* _What you have to do_
For this exercise, transcribe all the entries exactly as given and omit the images.

* _Raw data_

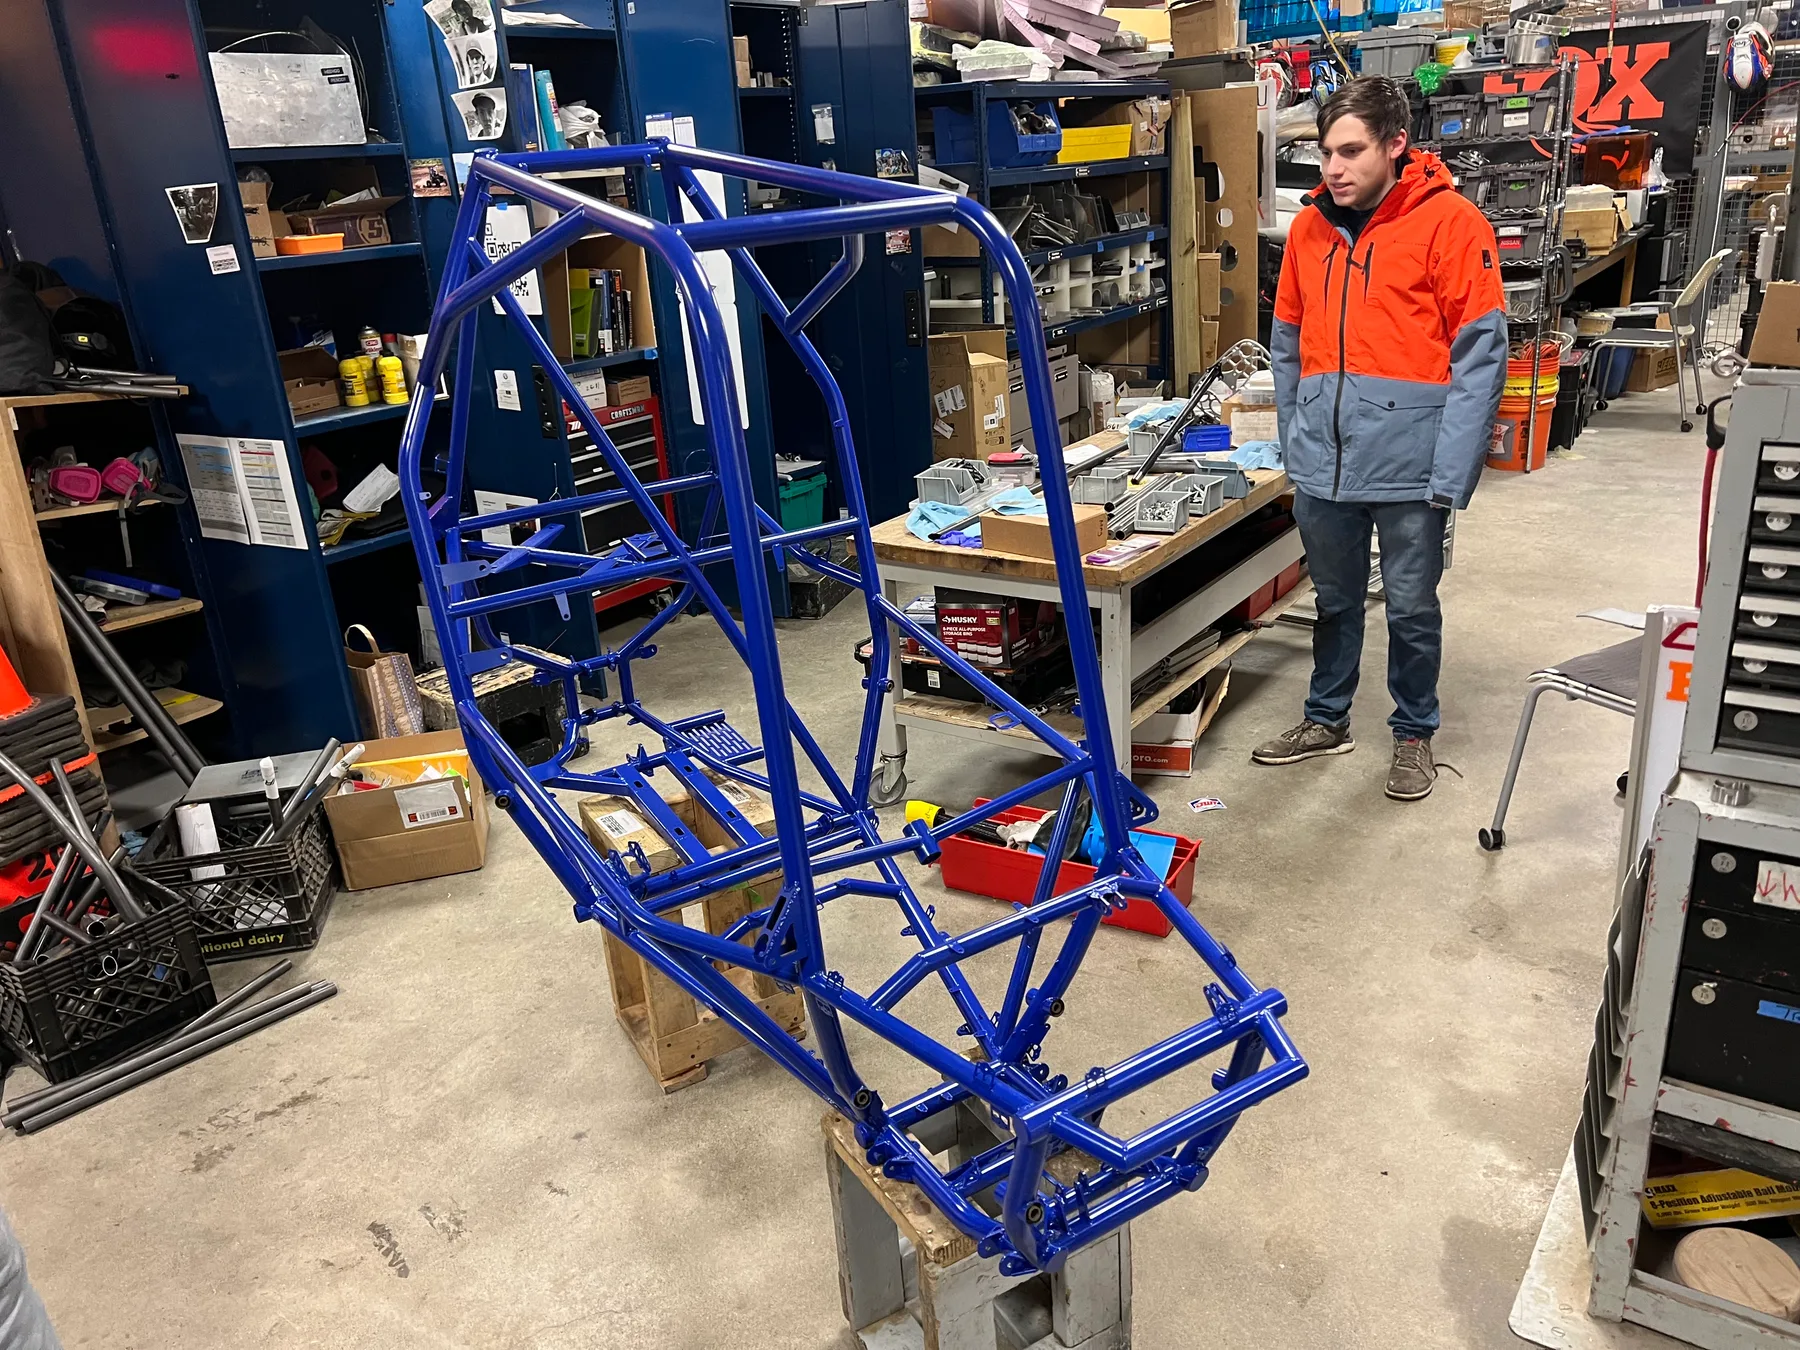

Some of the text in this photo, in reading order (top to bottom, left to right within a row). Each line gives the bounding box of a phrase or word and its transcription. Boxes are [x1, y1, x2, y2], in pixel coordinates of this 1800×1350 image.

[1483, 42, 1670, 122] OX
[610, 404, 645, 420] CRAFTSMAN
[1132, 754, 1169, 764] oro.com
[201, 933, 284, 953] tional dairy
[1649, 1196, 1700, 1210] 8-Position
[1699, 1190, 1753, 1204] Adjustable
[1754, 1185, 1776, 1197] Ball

* _Answer_
Some of the text in this photo, in reading order (top to bottom, left to right within a row). Each line gives the bounding box of a phrase or word and its transcription. Boxes are [x1, y1, x2, y2], in pixel coordinates of this 1800×1350 image.

[1483, 42, 1670, 122] OX
[610, 404, 645, 420] CRAFTSMAN
[1132, 754, 1169, 764] oro.com
[201, 933, 284, 953] tional dairy
[1649, 1196, 1700, 1210] 8-Position
[1699, 1190, 1753, 1204] Adjustable
[1754, 1185, 1776, 1197] Ball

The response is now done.